### MATERIAL PROVIDED
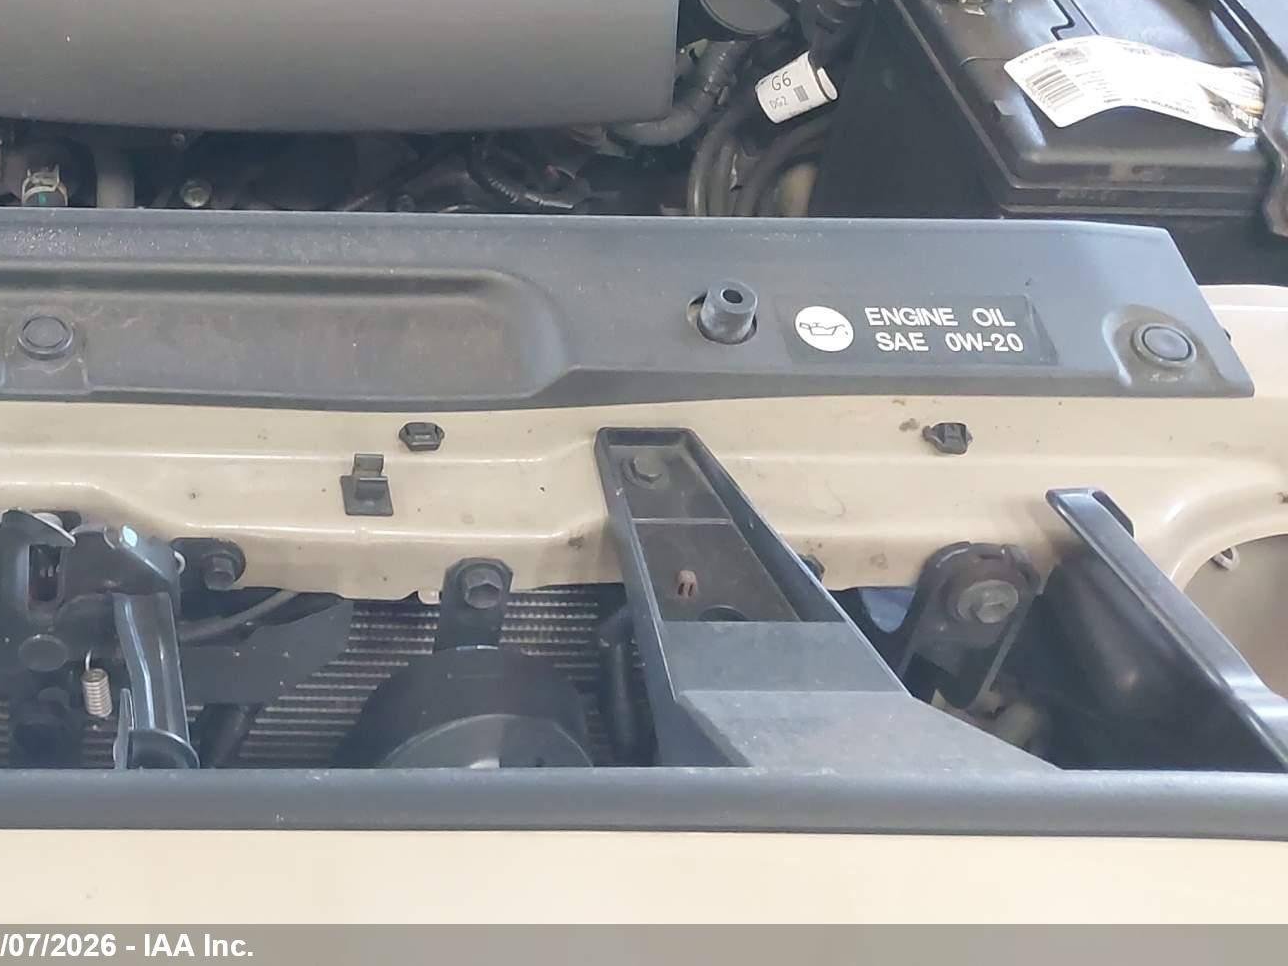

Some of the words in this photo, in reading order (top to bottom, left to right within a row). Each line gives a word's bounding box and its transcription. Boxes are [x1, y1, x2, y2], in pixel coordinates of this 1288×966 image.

[771, 71, 792, 91] G6
[864, 307, 959, 327] ENGINE
[972, 307, 1016, 327] OIL
[875, 332, 929, 352] SAE
[944, 332, 1024, 352] 0W-20
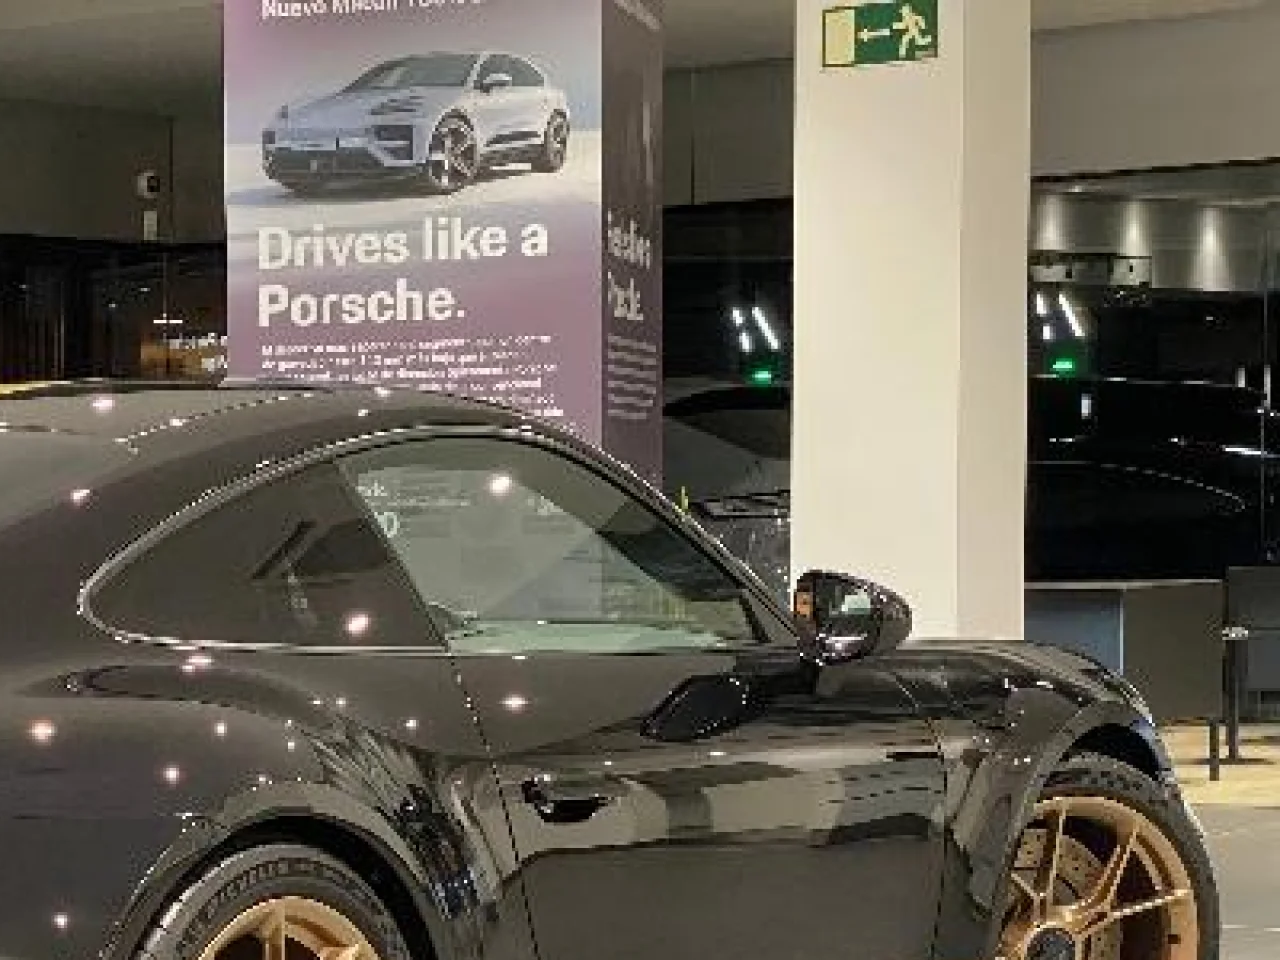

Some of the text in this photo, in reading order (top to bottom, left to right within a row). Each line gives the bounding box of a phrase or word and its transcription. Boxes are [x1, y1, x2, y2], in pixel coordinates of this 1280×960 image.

[258, 217, 549, 269] Drives like a
[258, 278, 466, 327] Porsche.

### THE PROBLEM
An exact repetition of the listing is needed, with the pictures dropped.

### EXPECTED ANSWER
Some of the words in this photo, in reading order (top to bottom, left to right within a row). Each line gives a word's bounding box and its transcription. Boxes are [x1, y1, x2, y2], in pixel coordinates of this 1288×966 image.

[771, 71, 792, 91] G6
[864, 307, 959, 327] ENGINE
[972, 307, 1016, 327] OIL
[875, 332, 929, 352] SAE
[944, 332, 1024, 352] 0W-20

Some of the text in this photo, in reading order (top to bottom, left to right within a row). Each line gives the bounding box of a phrase or word and its transcription. Boxes are [x1, y1, x2, y2], in pixel coordinates of this 1280×960 image.

[258, 217, 549, 269] Drives like a
[258, 278, 466, 327] Porsche.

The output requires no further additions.